Fife, in case you didn't know, is the only county in the land where drivers have to pay bridge tolls to gain entry at both ends - Tay Bridge in the north, Forth Bridge in the south.

The arguments to retain the tolls are allegedly environmental and financial. The environmental argument will never be won between a conservationist and a pragmatist.

The financial argument is where we Fifers start to get a bit tetchy.

Tolls on the Erskine Bridge in the west of Scotland (Labour area) were removed recently - but then the finance raised to build the bridge is paid off. So too with the Forth Bridge.

Congestion claim

Tolls on the Skye Bridge (also in the west of Scotland - Lib Dem area) were removed some time ago - hardly any of the finance of the build was recouped.

The Tay Bridge still has a bit to pay back but has been paying its way for many years now.

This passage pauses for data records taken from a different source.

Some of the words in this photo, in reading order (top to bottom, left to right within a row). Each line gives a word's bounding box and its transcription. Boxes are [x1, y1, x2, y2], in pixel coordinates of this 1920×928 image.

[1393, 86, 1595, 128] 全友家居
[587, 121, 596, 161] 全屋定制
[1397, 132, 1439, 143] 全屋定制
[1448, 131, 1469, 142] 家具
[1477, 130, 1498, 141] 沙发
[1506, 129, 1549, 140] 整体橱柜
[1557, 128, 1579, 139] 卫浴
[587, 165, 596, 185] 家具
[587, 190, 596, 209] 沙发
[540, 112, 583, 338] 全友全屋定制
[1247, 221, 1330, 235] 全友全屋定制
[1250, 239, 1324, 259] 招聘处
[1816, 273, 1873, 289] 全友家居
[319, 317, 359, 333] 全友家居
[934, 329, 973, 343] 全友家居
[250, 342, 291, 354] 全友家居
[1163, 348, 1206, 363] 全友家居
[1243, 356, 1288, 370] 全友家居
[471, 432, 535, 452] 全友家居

The transport minister tried to argue that removing the tolls at the Tay Bridge would cause congestion in Dundee city centre at peak hours. The man obviously had never been to Dundee because it is the tolls that cause the problem.

During the recent Unison strike, with no toll collectors, traffic ran freely.

toll booths
Tolls remaining on the Forth Road Bridge has caused controversy

The time to stand up and be counted came last week in parliament when MSPs had the opportunity to vote in an SNP motion to remove the tolls at a stroke - but for Labour and the Lib Dems this would mean voting against their alliance controlled government.

Had those Labour and Lib Dem MSPs from Fife and Central Scotland grasped the nettle and voted the way they said they would - we would be free of tolls.

Seems it was more important for these political lackeys to toe the line to their political masters than to represent the people they serve.

I've got an idea. Why not hand the building back to Scottish & Newcastle Brewery - the original owners of the site. It was built on the cheap anyway and it's obviously falling to bits.

Maybe they could organise a parliament in a brewery!

The views expressed in this article are those of the author alone and are not endorsed by the BBC.